The Hyundai Case and Visa Chaos
In September 2025, U.S. immigration agents raided the Georgia battery-plant site of Hyundai Motor Group and its partner LG Energy Solution, detaining approximately 475 workers, including 300+ South Korean nationals. 12
These workers were brought in on a confusing mix of B-1 business visas and visa-waiver entries - technically allowed for “business visits,” yet treated as violations when actual high-tech work was underway. 13
This case exposes the policy contradiction. We demand foreign-trained specialists to build advanced industries, then detain them for coming here to do the job.
The system makes the “right” visas inaccessible, then punishes workers when they proceed anyway.
Policy is undermining policy.
(When the situation at the Hyundai plant occurred, my first thoughts were that Trump was using muscle to force tariff negotiations, but who really knows.?)
Trump’s $100,000 H-1B Fee — A Self-Inflicted Handicap
Trump claims foreign tech workers are essential.

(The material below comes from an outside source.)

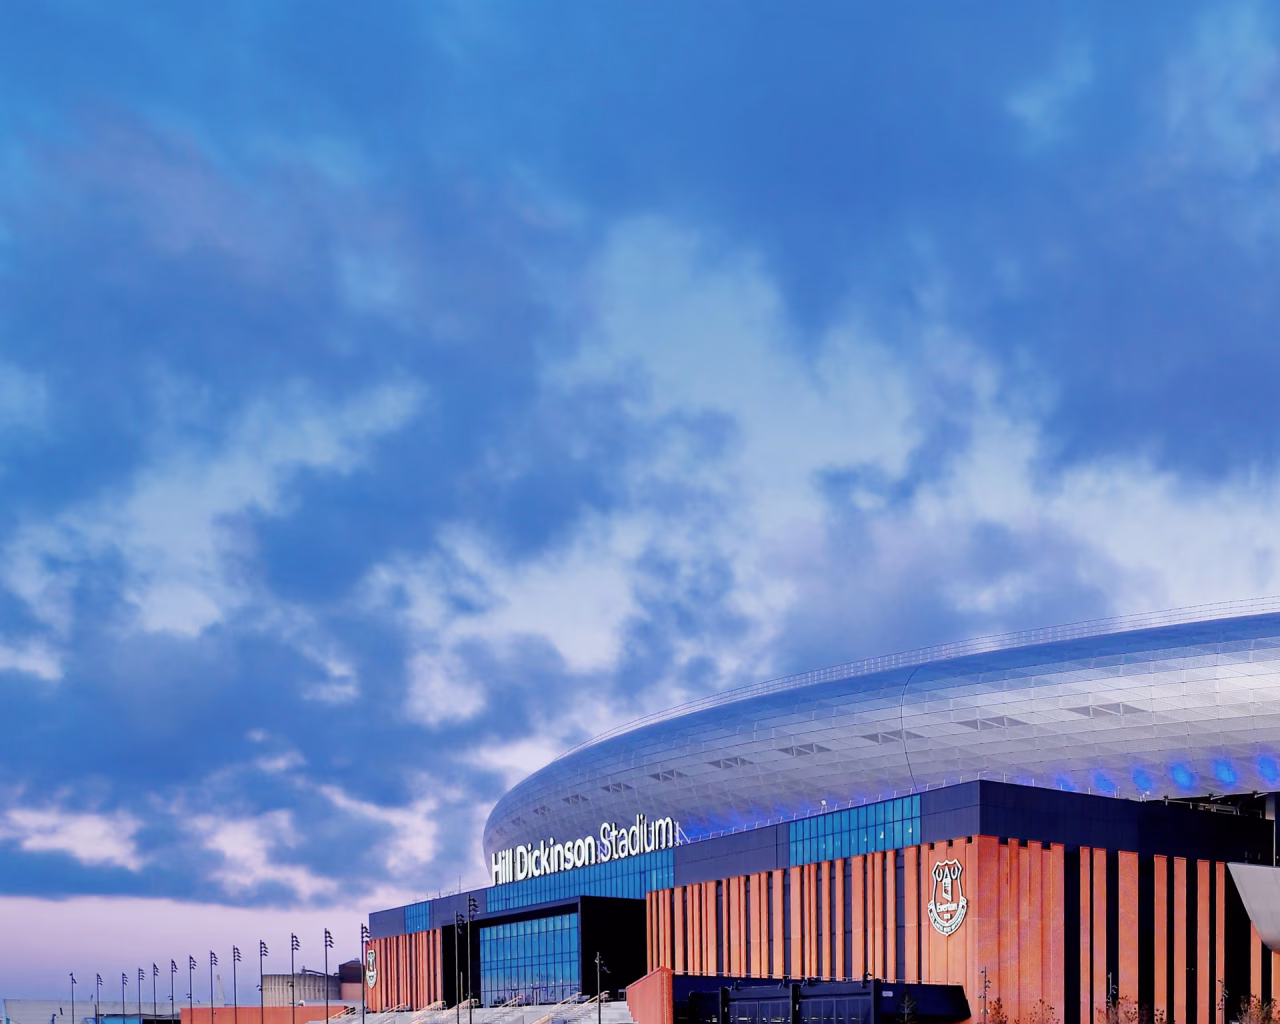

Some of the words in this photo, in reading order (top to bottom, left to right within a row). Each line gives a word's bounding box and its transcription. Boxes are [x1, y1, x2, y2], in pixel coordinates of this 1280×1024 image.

[491, 848, 514, 886] Hill
[516, 835, 596, 881] Dickinson
[600, 813, 674, 862] Stadium

But in September 2025, he imposed a $100,000 fee on U.S. employers filing new H-1B petitions. 14 The fee is required to be paid by the employer, not the worker. 15
That is not how a nation solves a talent shortage. It is how a nation creates one.
We are told foreign workers are needed.
We are told foreign workers are a threat.

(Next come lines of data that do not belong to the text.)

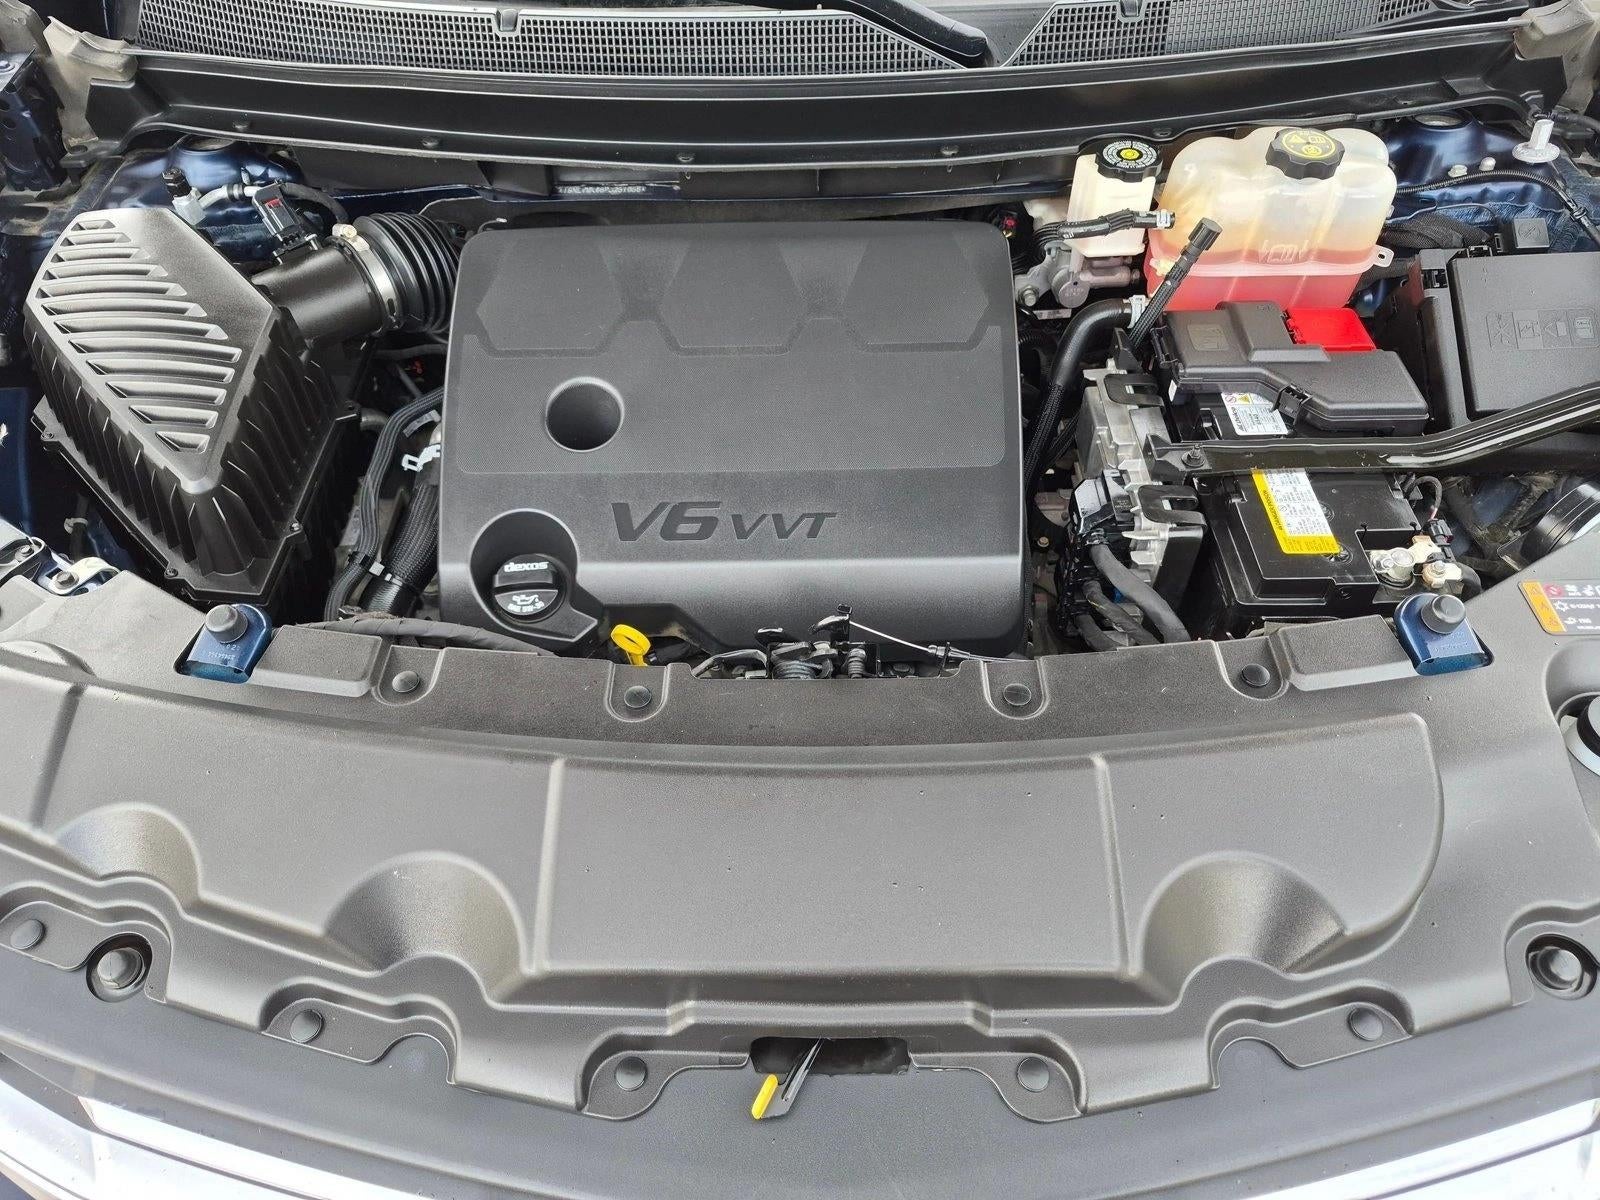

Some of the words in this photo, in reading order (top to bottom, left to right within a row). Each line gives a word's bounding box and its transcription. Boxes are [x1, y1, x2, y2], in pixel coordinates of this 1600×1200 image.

[611, 501, 723, 541] V6
[731, 512, 838, 540] VVT
[504, 561, 549, 573] dexos
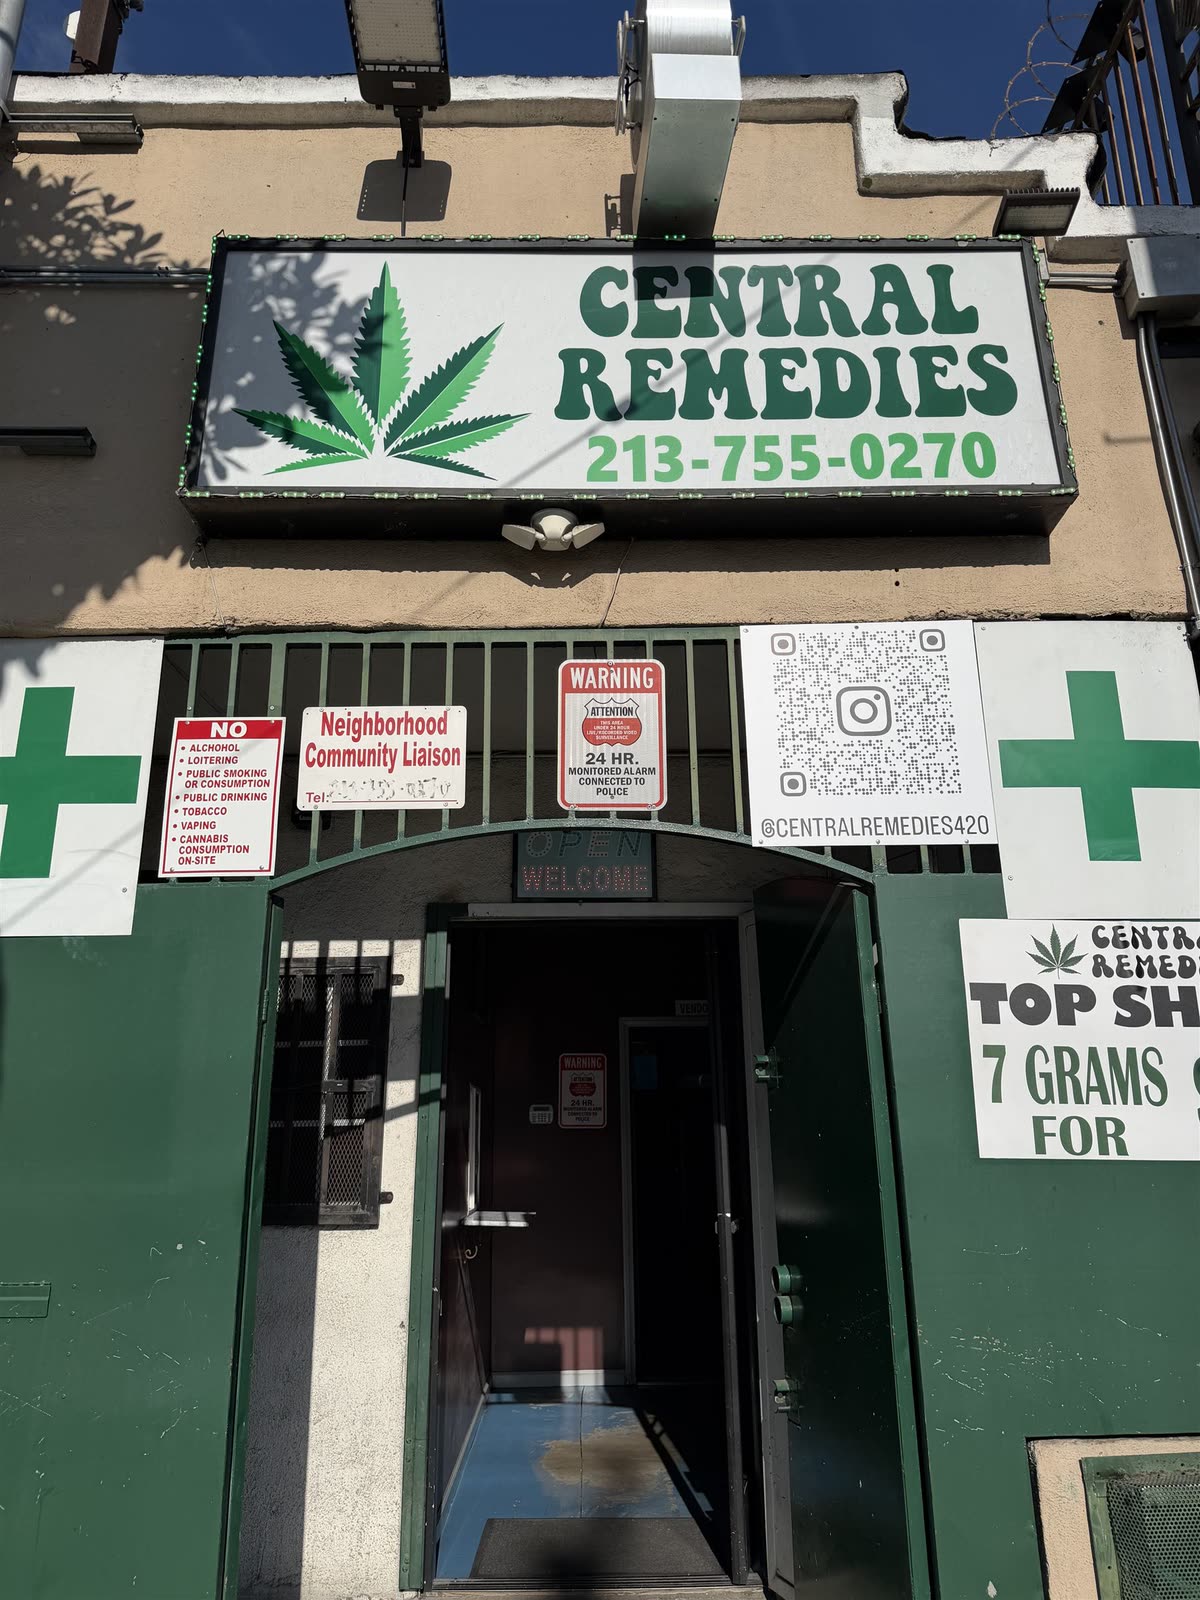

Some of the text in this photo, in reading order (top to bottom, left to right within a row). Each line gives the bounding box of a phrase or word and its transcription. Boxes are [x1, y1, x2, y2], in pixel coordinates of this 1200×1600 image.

[579, 263, 980, 338] CENTRAL
[554, 344, 1018, 421] REMEDIES
[586, 430, 996, 483] 213-755-0270
[570, 667, 654, 689] WARNING
[590, 706, 634, 717] ATTENTION
[210, 721, 248, 738] NO
[320, 711, 448, 743] Neighborhood
[189, 743, 240, 752] ALCHOHOL
[187, 756, 239, 765] LOITERING
[305, 741, 461, 774] Community Liaison
[585, 752, 639, 765] 24 HR.
[186, 769, 267, 778] PUBLIC SMOKING
[568, 767, 656, 776] MONITORED ALARM
[184, 779, 271, 788] OR CONSUMPTION
[578, 777, 646, 786] CONNECTED TO
[183, 792, 268, 802] PUBLIC DRINKING
[596, 787, 629, 796] POLICE
[182, 807, 228, 816] TOBACCO
[180, 821, 217, 830] VAPING
[761, 815, 990, 838] @CENTRALREMEDIES420
[179, 834, 229, 844] CANNABIS
[526, 830, 642, 857] OPEN
[178, 845, 250, 854] CONSUMPTION
[177, 856, 216, 865] ON-SITE
[521, 865, 648, 892] WELCOME
[1091, 925, 1200, 950] CENTR
[1092, 954, 1200, 979] REMED
[969, 982, 1200, 1028] TOP SH
[564, 1056, 602, 1069] WARNING
[982, 1044, 1007, 1103] 7
[1025, 1044, 1169, 1107] GRAMS
[570, 1099, 595, 1107] 24 HR.
[1032, 1115, 1129, 1156] FOR

We are charged six figures to hire them either way.
The Bottom Line: This is a Choice
This is not a shortage of talent. This is a shortage of investment and vision.
It’s a policy choice.
U.S. youth unemployment remains high
Training remains unaffordable
Companies are rewarded for importing skills, not developing them
The administration fuels dependence, not capacity
If America relies on India and China to train our innovators, we are choosing dependency. If those nations shift priorities - keeping more talent home, raising the cost, or directing their expertise to outcompete us - our innovation pipeline collapses overnight.
Not because Americans can’t learn. But because our government chose not to let them.
A country that refuses to train its own workforce is choosing decline. And, decline is a choice we don’t have to make.